We've been thinking and praying and wondering for awhile, what to do. Our kids are growing (what a concept eh) and getting older by the day...us too. And, while we're not using our walkers yet, we would hope not to have to do so by the time we need to get on that plane.
On Wednesday we increased our age request.
Not an earth shattering, life changing (uh, actually we hope it will be life changing!) increase but enough that we are both comfortable, we've opened up a slightly greater window of opportunity, and with where our family dynamics currently reside, we feel it's best.
And I am excited...ummm, maybe that's a bit of overkill...I'm encouraged.

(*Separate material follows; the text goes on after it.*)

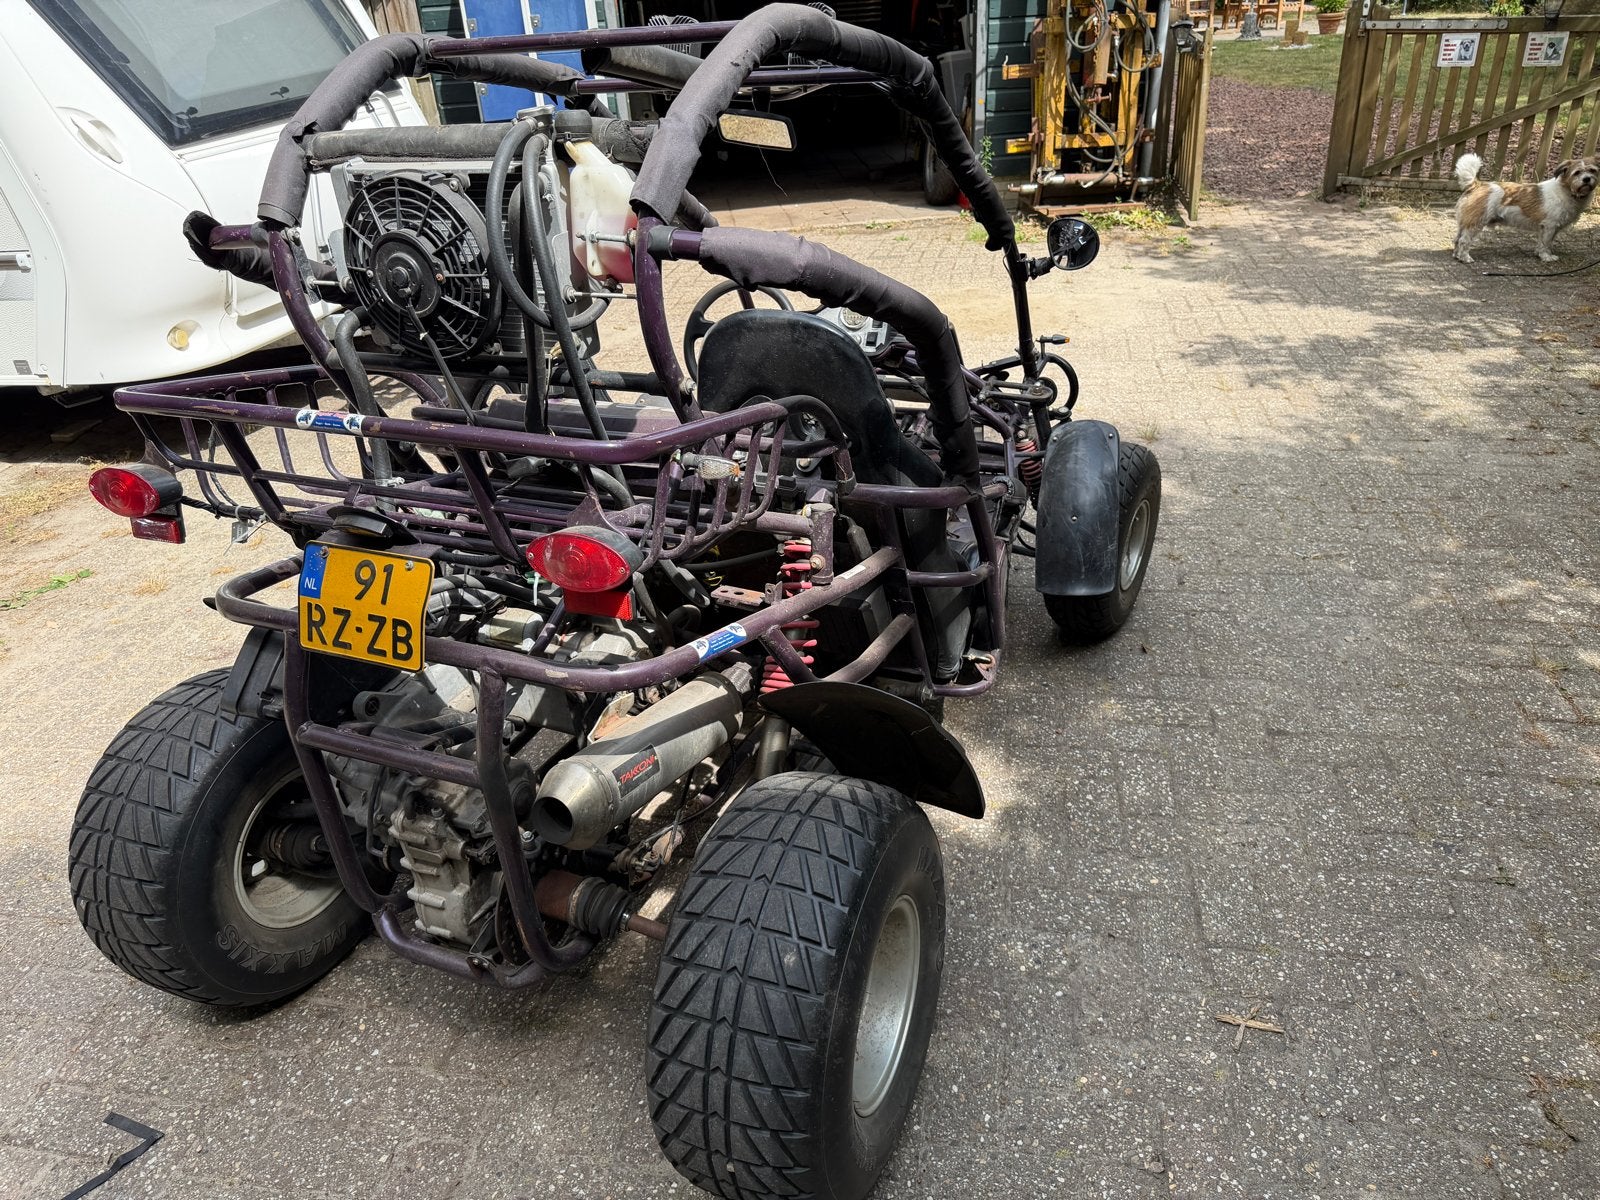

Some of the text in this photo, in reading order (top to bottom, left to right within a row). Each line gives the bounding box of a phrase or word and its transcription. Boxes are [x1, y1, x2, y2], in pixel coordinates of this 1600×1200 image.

[304, 576, 318, 591] NL
[354, 559, 394, 606] 91
[306, 601, 414, 662] RZ-ZB
[217, 921, 348, 975] MAXXIS

I don't know why but this feeling of hope is rumbling up inside...perhaps it is the ache, desire, and longing of my heart. Maybe, just maybe it is something More. It's odd, as our increase isn't huge to say the least, but it's given me a little extra bounce in my step...which I don't actually believe is 'just' a bounce. It is possible that it is affirmation of our most recent open mindedness. We'll see.

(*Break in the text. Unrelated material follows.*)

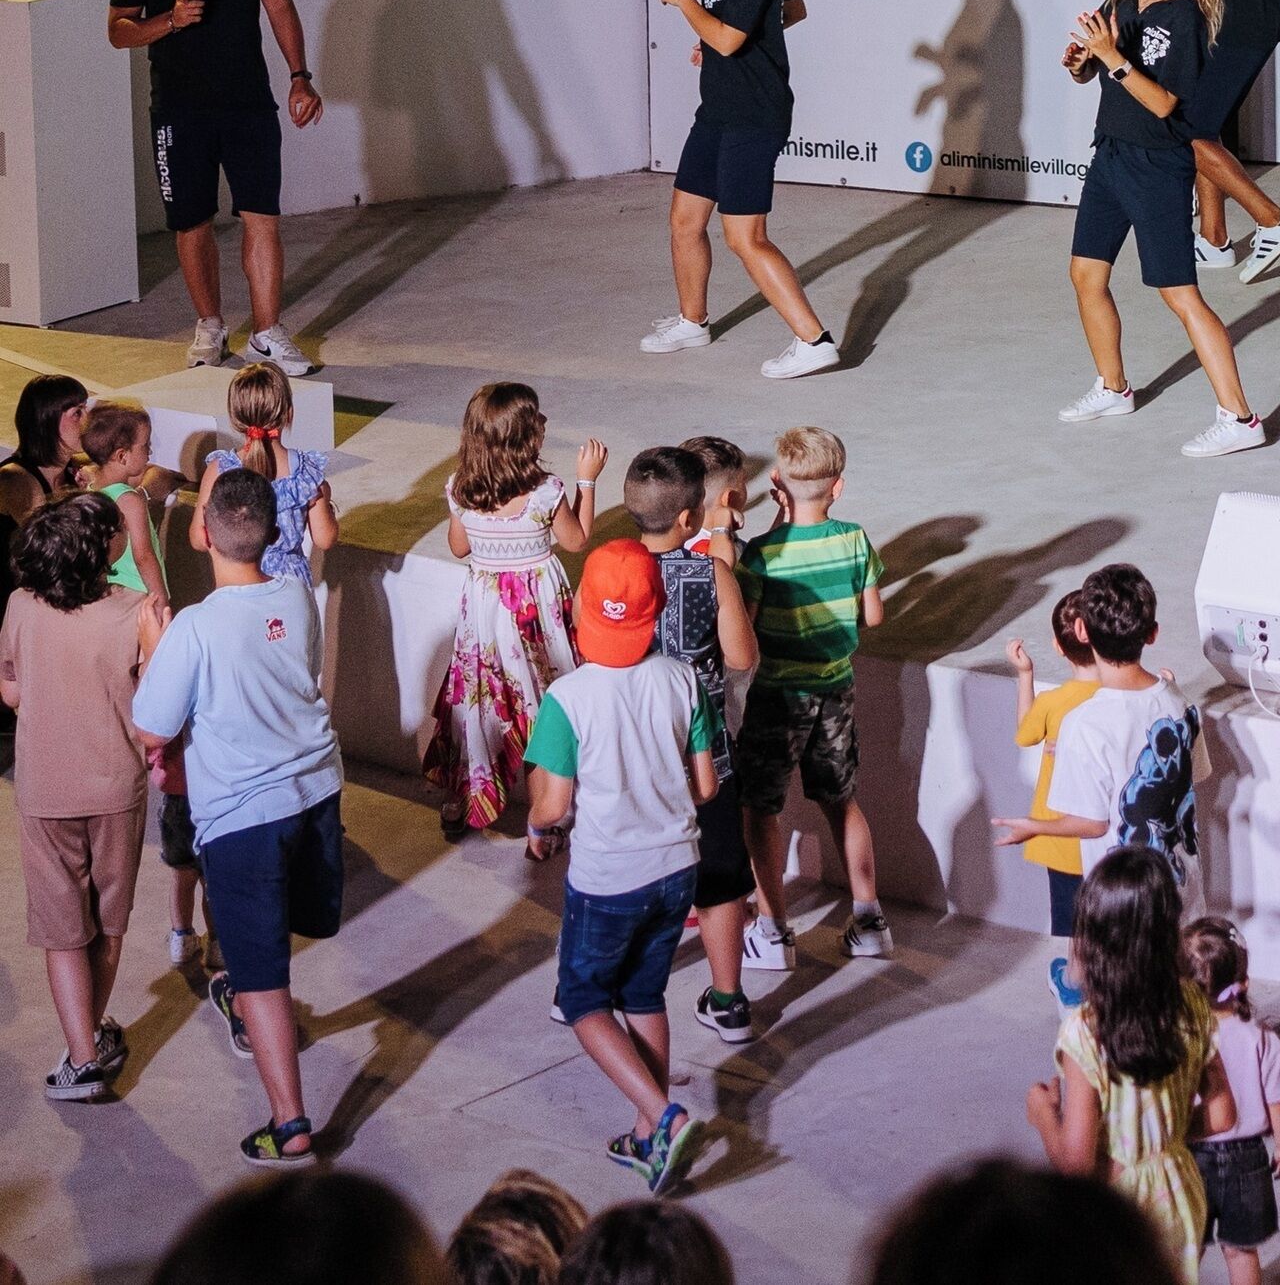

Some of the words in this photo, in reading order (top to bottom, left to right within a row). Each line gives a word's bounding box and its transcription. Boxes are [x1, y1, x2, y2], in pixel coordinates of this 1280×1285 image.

[780, 139, 878, 163] nismile.it
[940, 151, 1088, 181] aliminismilevillag
[265, 630, 287, 642] VANS

Being the ornery one that I am, and seeking affirmation that this wasn't just done on a whim I investigated the possibility of our decision before of course, diving in head first.

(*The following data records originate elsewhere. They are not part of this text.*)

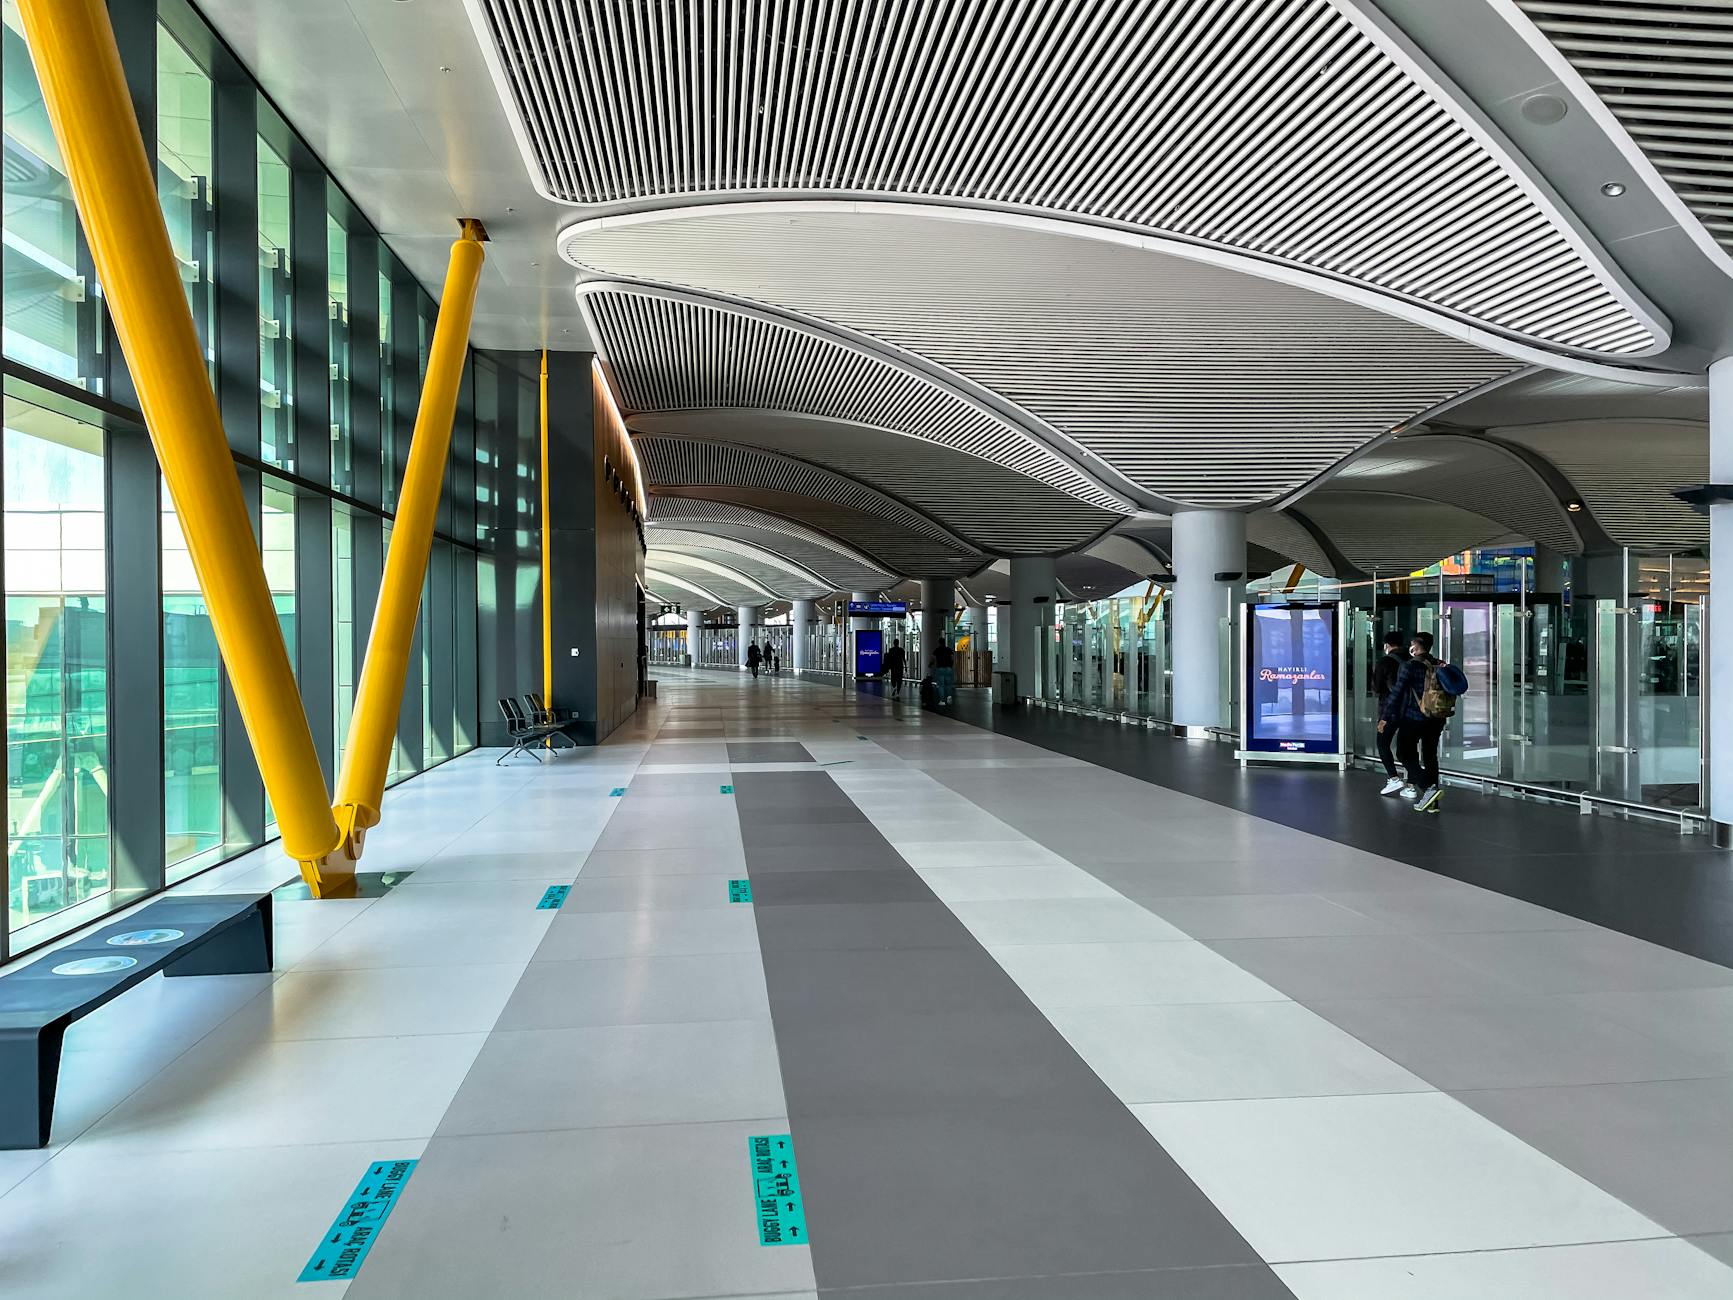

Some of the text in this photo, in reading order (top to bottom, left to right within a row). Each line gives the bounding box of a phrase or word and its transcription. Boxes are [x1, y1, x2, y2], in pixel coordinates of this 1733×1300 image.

[1260, 669, 1325, 684] Ramazanlar
[754, 1137, 775, 1173] ARAÇ ROTASI
[374, 1162, 410, 1199] BUGGY LANE
[761, 1199, 782, 1242] BUGGY LANE
[328, 1226, 373, 1277] ARAÇ ROTASI

We both needed to be comfortable. Check.
I wanted reassurance from Imagine that while it wouldn't create monumental shrieks from the mountain top, any increase is of course helpful. Check.
What would the (local agency) financial implications be? This was huge to us, as we just forked out around five hundred smackers for our two year update. We weren't in to shelling out another several hundred for a ridiculous piece of paper...which is what I was hearing the cost to be, through other agencies via families who have done the same thing.
So, nervously I called our local agency to inquire...
...and hello! It's free. Big.Fat.Whopping.Check.
Two hours later the forms are updated and filled out, emailed to me, printed out in triplicate, signed by us, sealed, stamped and out the door. Imagine should have the change at the first of next week.
And I have been encouraged by several things this week...one of which was an email from a new friend whom I hope to meet some day and who I have quickly (!) learned to be faithful to the core and wise beyond her years. *She confirmed:
There is a little Keizer Girl in Africa that God has chosen for your family
(*she is about to go bring hers home!)
So, there you have it...nothing is constant but change.
Change is often good.
Change can bring great things.
I believe change has brought renewed hope and anticipation and the reminder that we cannot limit God or put him in a box. All things happen with reason and for a reason.
Here we go again.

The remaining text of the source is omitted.